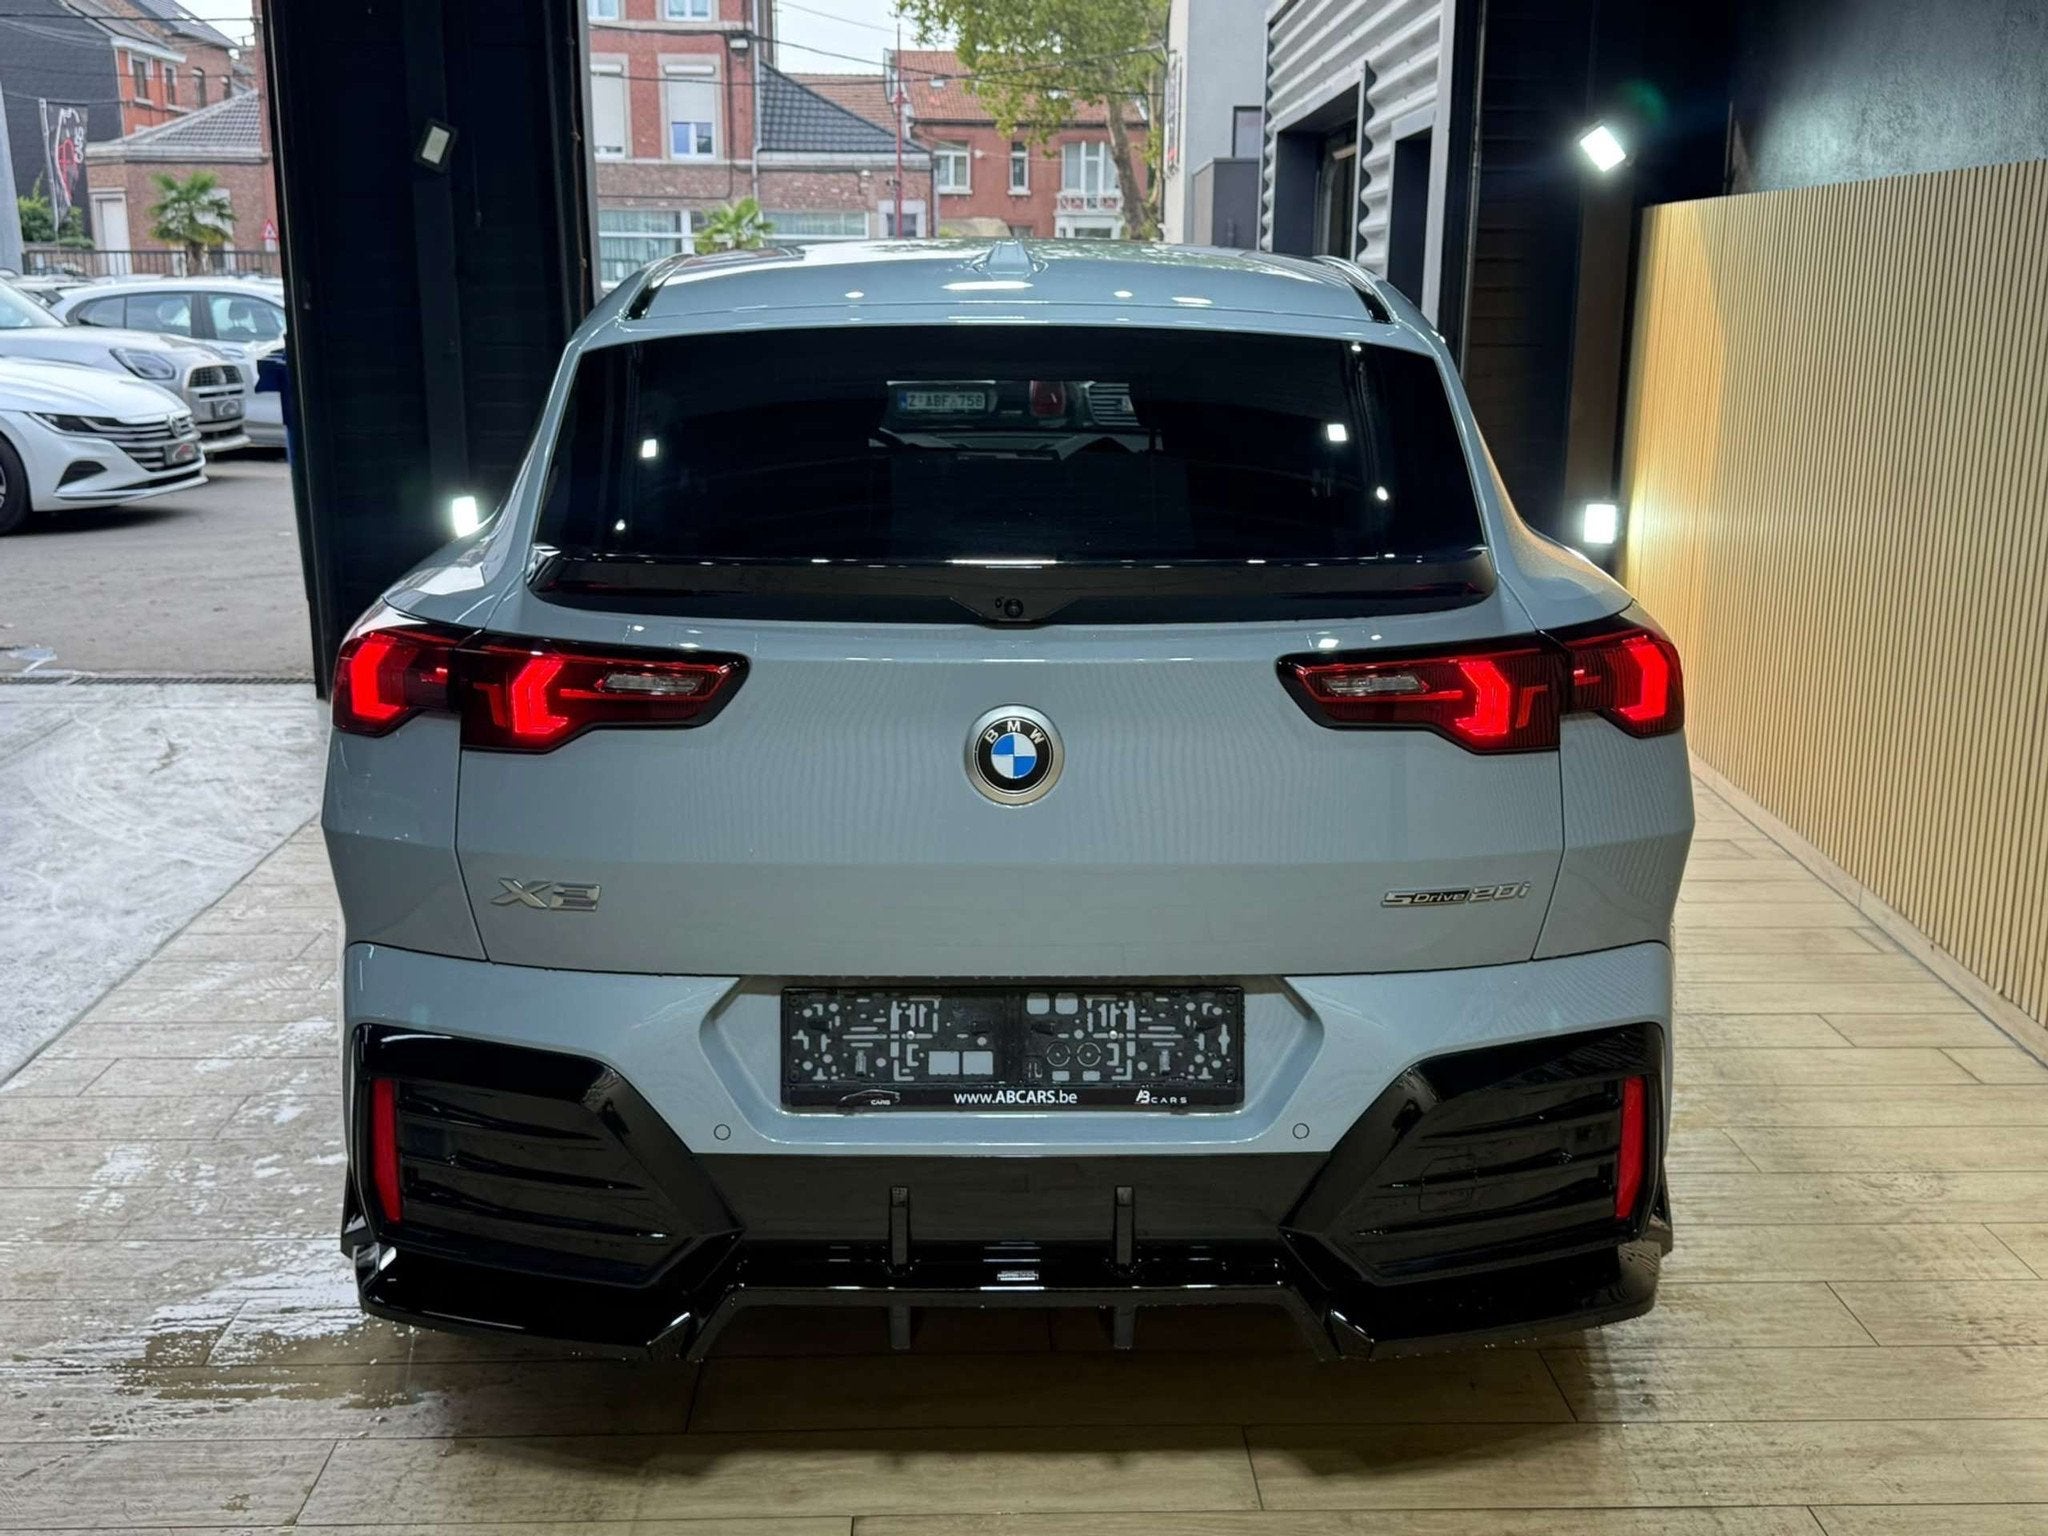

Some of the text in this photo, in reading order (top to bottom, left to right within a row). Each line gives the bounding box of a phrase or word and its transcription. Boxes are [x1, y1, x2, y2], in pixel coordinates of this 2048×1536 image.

[984, 720, 1045, 744] BMW
[489, 876, 601, 911] X2
[953, 1090, 1078, 1104] www.ABCARS.be
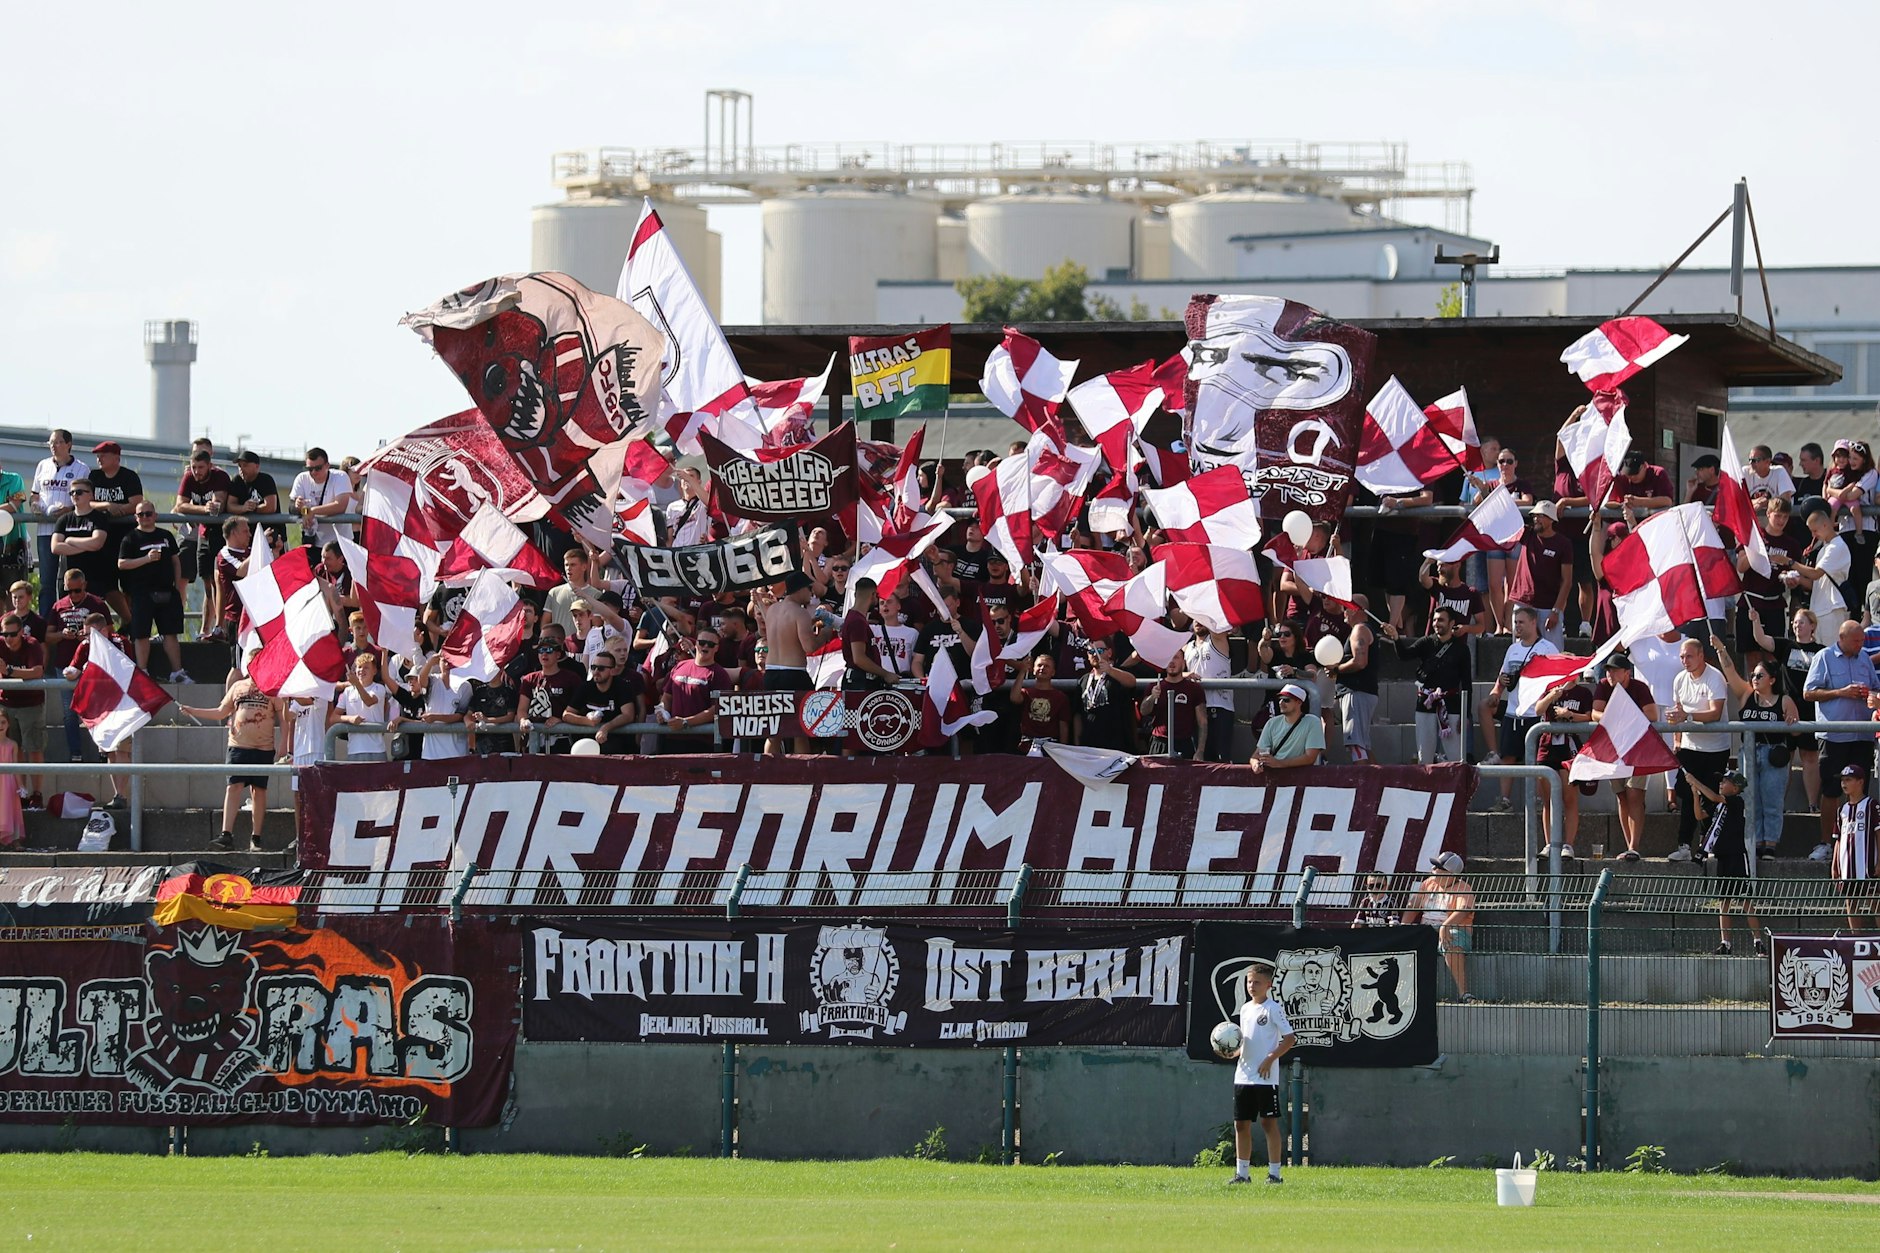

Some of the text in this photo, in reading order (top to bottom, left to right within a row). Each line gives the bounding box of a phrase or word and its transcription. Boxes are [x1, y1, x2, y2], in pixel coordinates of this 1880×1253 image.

WHAT THIS TASK INVOLVES: What is needed is an exact output of the records above, with every picture left out.

WRITTEN ANSWER:
Some of the text in this photo, in reading order (top to bottom, left to right within a row). Each line gives the bounding box of a phrase or word and its transcription. Boxes are [x1, y1, x2, y2], in pixel coordinates of this 2048×1536 image.

[984, 720, 1045, 744] BMW
[489, 876, 601, 911] X2
[953, 1090, 1078, 1104] www.ABCARS.be

Some of the text in this photo, in reading order (top to bottom, left to right within a row). Each line gives the bounding box of a phrase or word and its transcription. Boxes are [x1, y1, x2, y2], in pixel coordinates of this 1880×1253 image.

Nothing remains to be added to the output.